The story of Easter is not just a story of a religious holiday. This is an ancient story, rooted in the era when the New Testament was not yet written, Jesus Christ did not appear in the world, and they did not even hear about Christianity either in Russia or in any other corner of the world.

History of the origin of Easter

Easter story

If you skim through the Holy Scriptures, you can find a fact that surprises readers who are not familiar with the Bible: and the history of the Easter holiday and all the events preceding it began with the fact that Jesus came to Jerusalem for the holiday … Easter! How so? Did Bright Sunday really exist before Calvary, the crucifixion and the appearance of the risen Savior to the disciples?

To some extent, yes. The holiday existed, and it began as much as 13 centuries before the birth of Christ, although in those distant times no one called this day the Resurrection. It was called Passover, which some scholars translate as "deliverance", fell on the 14th day of the month of Nisan in the Jewish calendar, lasted 7-8 days and was established in memory of the exodus of the Jews from Egypt under the leadership of the prophet Moses.

The celebration of Passover-Passover was of great religious importance, and the pilgrimage to Jerusalem was one of its most widespread customs. So there is nothing surprising in Jesus' desire to visit the holy city:

  • firstly, it was quite in keeping with tradition;
  • secondly, there was a prophecy according to which the Messiah was to appear to the Jewish people on the eve of Passover.

Is it surprising that at the entrance to the city, Christ was greeted with chants and palm branches - a symbol of triumph, the role of which later, in the tradition of celebrating Easter in Russia, shifted to thin twigs of willow? Many of the locals have already seen the promised Savior in the glorified preacher!

According to another version, the word "Passover" meant "To pass by" and also served as a reference to the time of Moses, when the wrath of God bypassed the houses of the Jews, marked with the blood of the sacrificial lamb, but struck all the firstborn of the Egyptians with death.

Be that as it may, the history of the origin of Passover is inextricably linked with the Jewish Passover and the arrival of the Savior with the disciples in Jerusalem. However, instead of breaking the matzo on Friday, like the rest of the Jews, and eating a lamb (a type of the same lamb), Jesus gathered his followers for the Last Supper on Thursday, where he first established the sacrament of the Eucharist, thus initiating a new holiday with a completely different meaning.

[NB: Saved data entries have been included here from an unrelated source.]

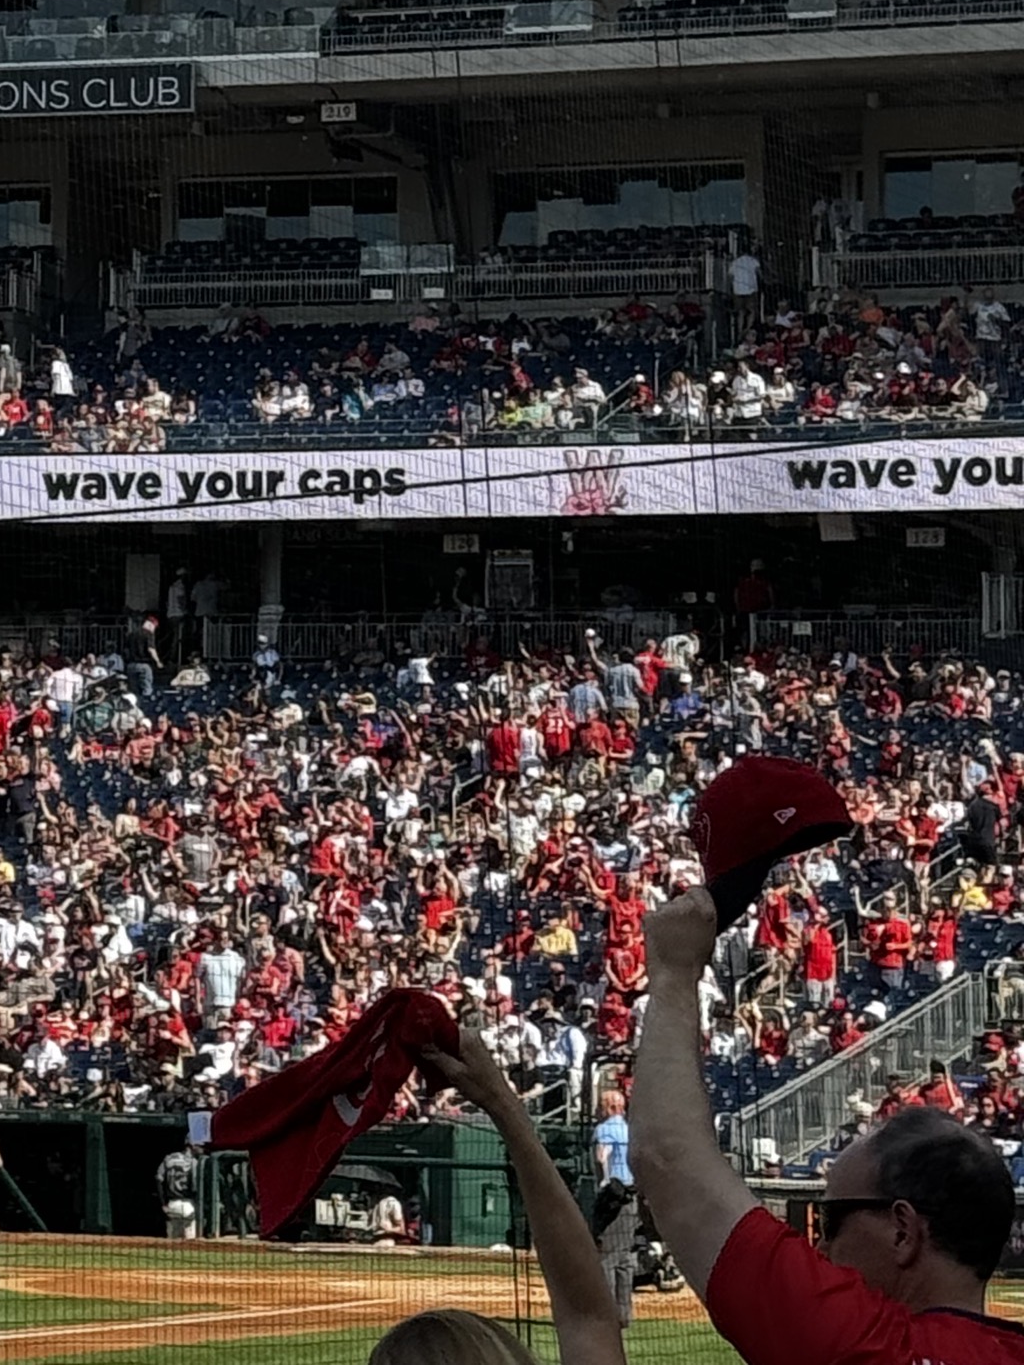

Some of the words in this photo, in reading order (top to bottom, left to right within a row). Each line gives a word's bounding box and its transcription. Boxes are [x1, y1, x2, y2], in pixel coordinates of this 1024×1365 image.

[82, 76, 181, 108] CLUB
[42, 472, 162, 501] wave
[177, 469, 285, 504] your
[298, 466, 407, 503] caps
[787, 459, 917, 490] wave
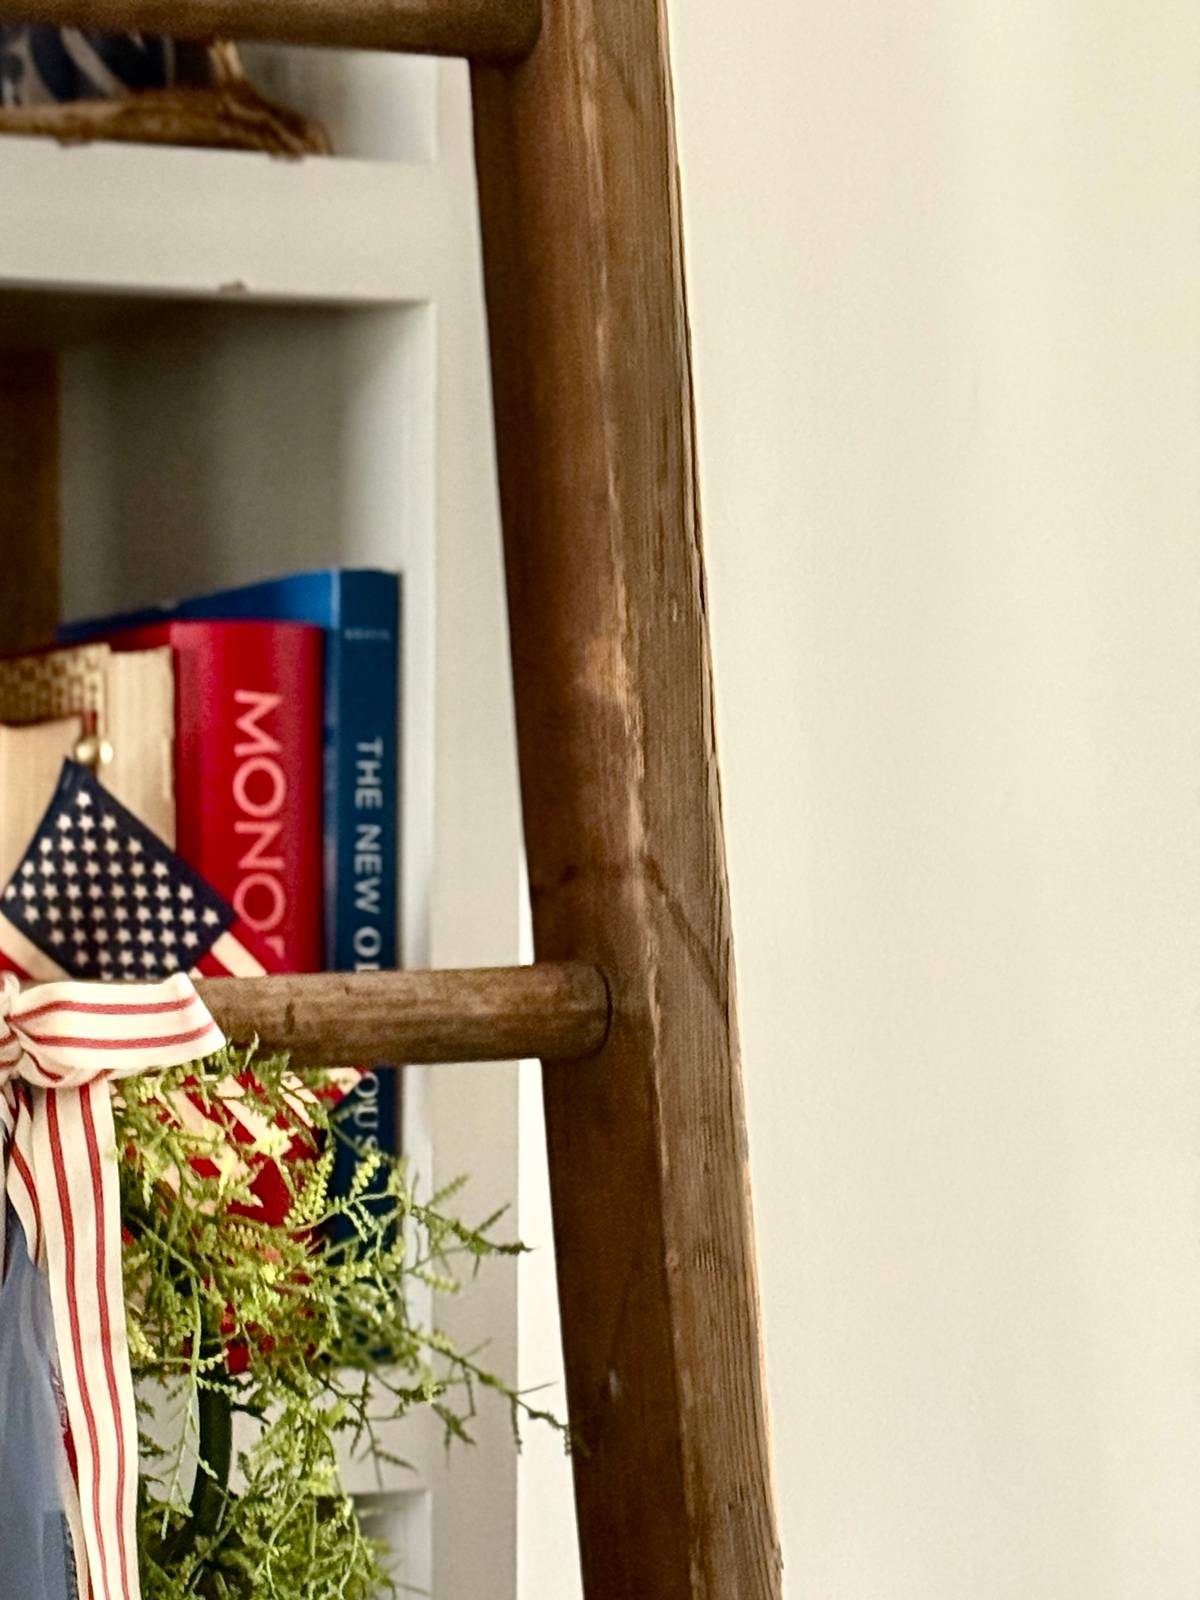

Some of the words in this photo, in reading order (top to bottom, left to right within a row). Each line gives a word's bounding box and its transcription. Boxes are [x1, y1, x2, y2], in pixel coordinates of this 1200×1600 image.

[355, 737, 384, 810] THE
[354, 825, 383, 914] NEW
[353, 926, 383, 971] O
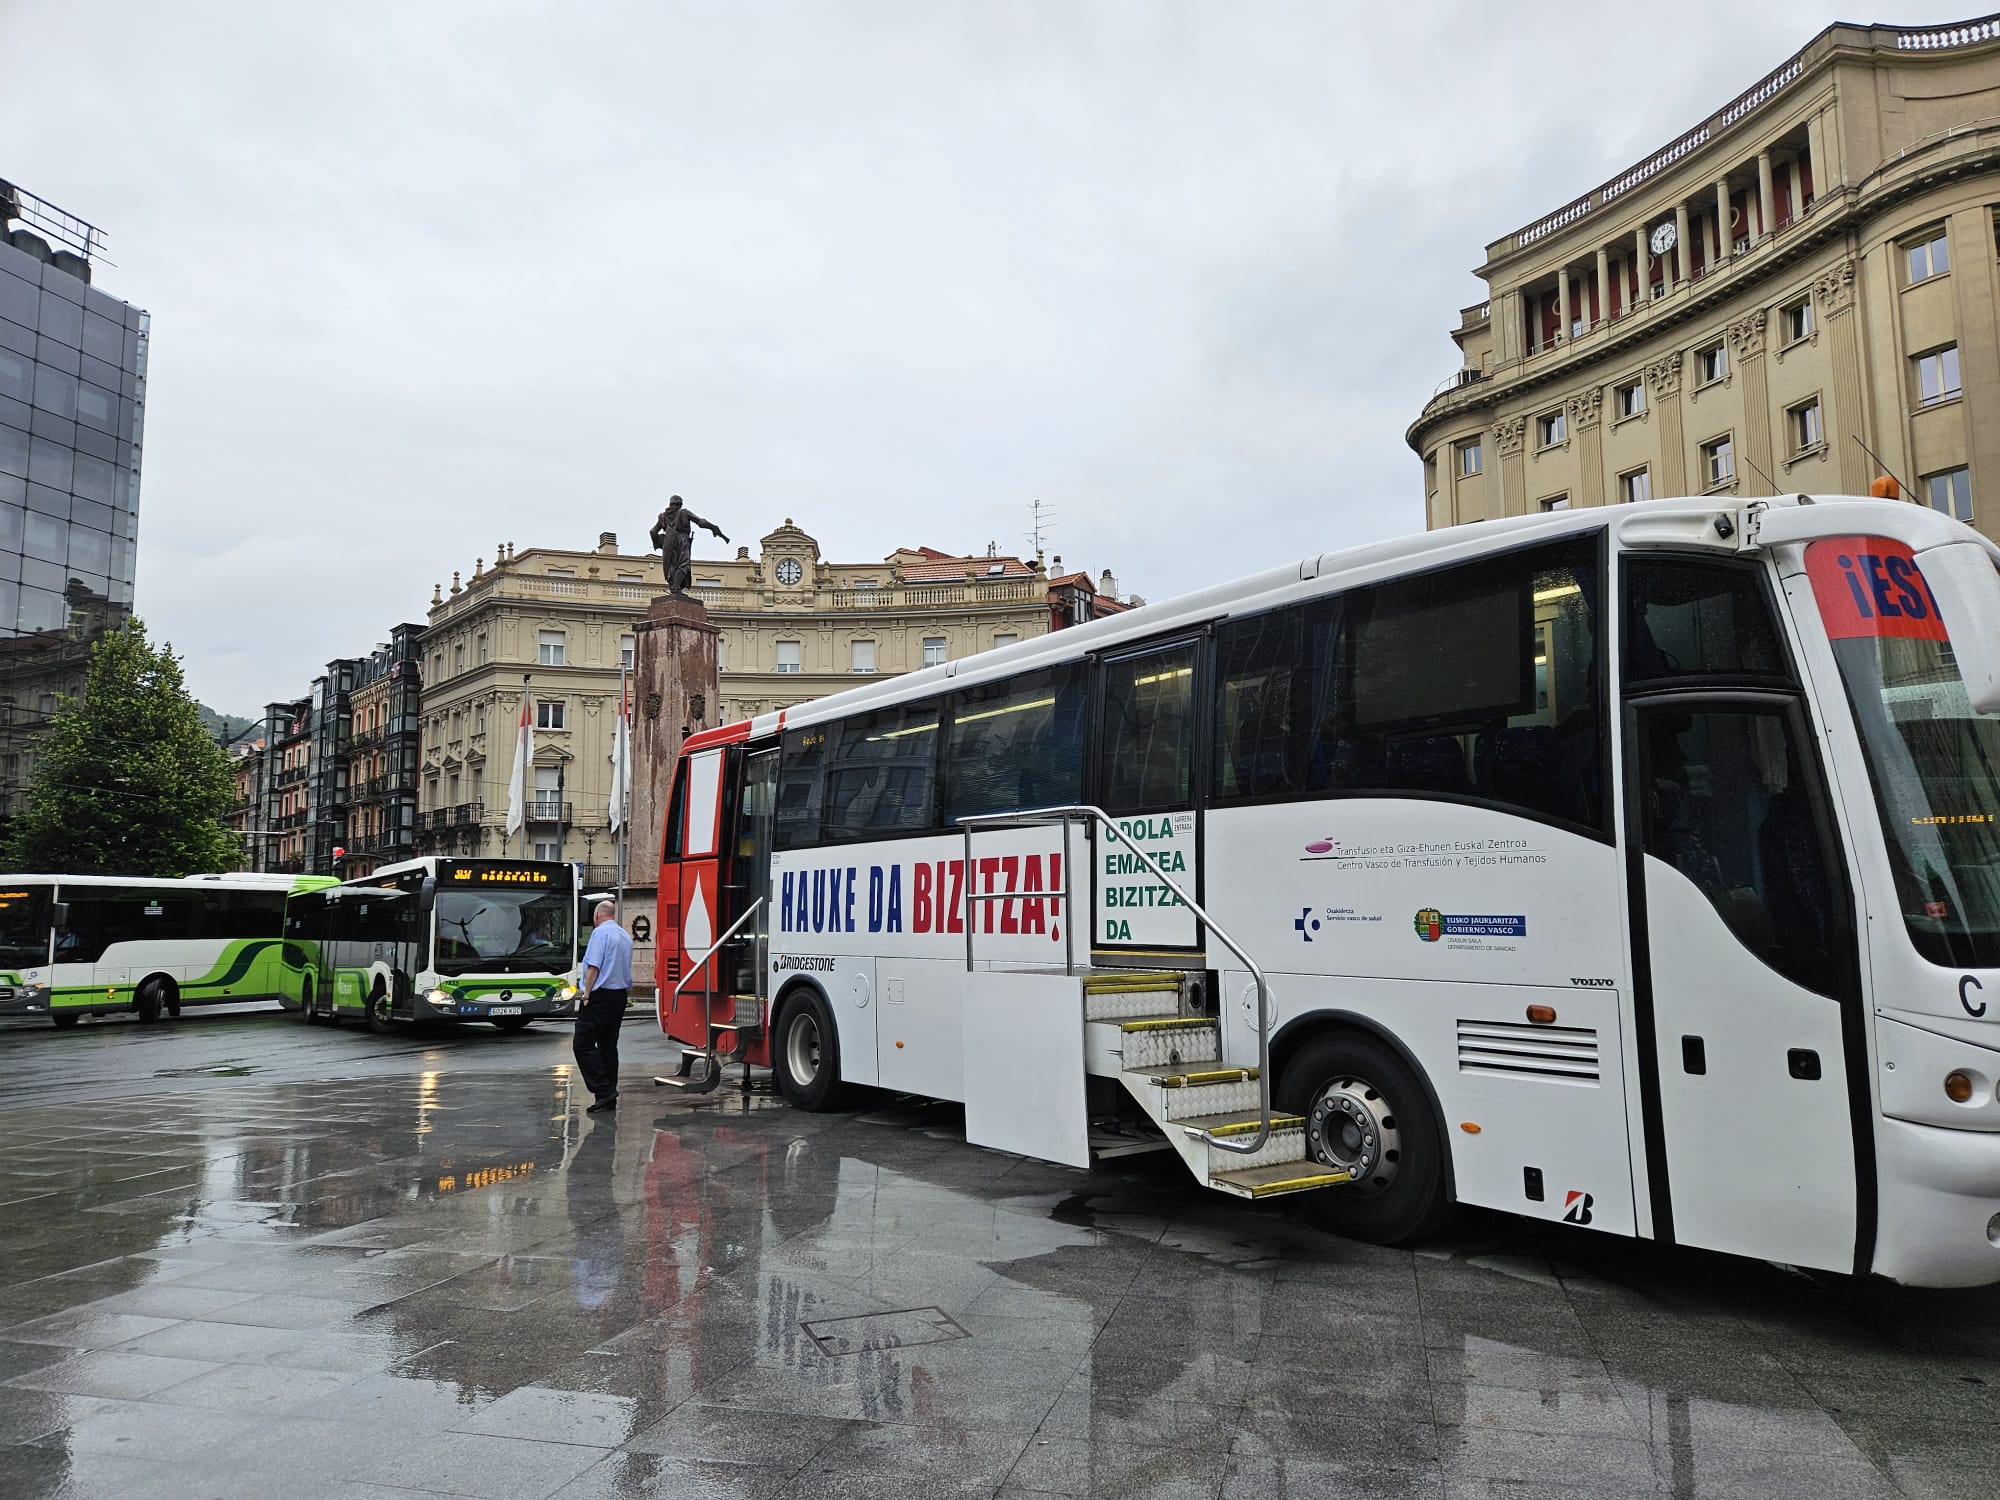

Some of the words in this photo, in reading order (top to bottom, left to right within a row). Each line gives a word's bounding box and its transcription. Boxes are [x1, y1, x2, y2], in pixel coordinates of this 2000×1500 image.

[1105, 817, 1173, 842] ODOLA
[1380, 845, 1394, 854] eta
[1396, 843, 1451, 853] Giza-Ehunen
[1454, 840, 1484, 850] Euskal
[1488, 839, 1527, 849] Zentroa
[1105, 850, 1186, 875] EMATEA
[1337, 861, 1363, 870] Centro
[1365, 860, 1389, 868] Vasco
[1391, 859, 1401, 868] de
[1404, 857, 1452, 867] Transfusión
[1456, 859, 1461, 868] y
[1464, 856, 1497, 867] Tejidos
[1500, 854, 1547, 864] Humanos
[781, 867, 856, 933] HAUXE
[868, 864, 903, 933] DA
[912, 852, 1061, 942] BIZITZA!
[1105, 886, 1186, 908] BIZITZA
[1106, 919, 1132, 941] DA
[1446, 926, 1486, 934] GOBIERNO
[780, 954, 836, 972] BRIDGESTONE
[1570, 977, 1614, 987] VOLVO

In those days, which happened almost 2000 years ago, the first traditions of Easter began to take shape, this time Christian:

  • Maundy Thursday, on the night of which the famous prayer was sounded in the Garden of Gethsemane, became a day of great preparation for the upcoming celebration and tuning your soul in a certain way.
  • Good Friday, the day of the crucifixion and death of the Savior on the cross, has gained a reputation as the most severe period of Lent and the hardest day of the year. At this time, many believers, as a sign of their grief, completely refuse to take food and water.
  • Saturday, the day of Christ's descent into hell, began to be devoted to the final preparations for the holiday.
  • And, finally, the Bright Resurrection itself acquired its name in memory of the miraculous resurrection of Jesus.

Get attention! Although the history of the origin of Easter began with Passover, it is fundamentally wrong to consider both holidays to be identical. These are completely different religious dates, dedicated to different events and carrying a different message.

Easter celebration date

Easter celebration date

The early Christians did not have a coherent system for determining the time of the celebration of Easter.Some, in order not to break the established traditions, combined it with Passover. Others appointed the first spring month on different dates. And some considered every Friday in the year to be Passionate, and every Sunday to be Easter.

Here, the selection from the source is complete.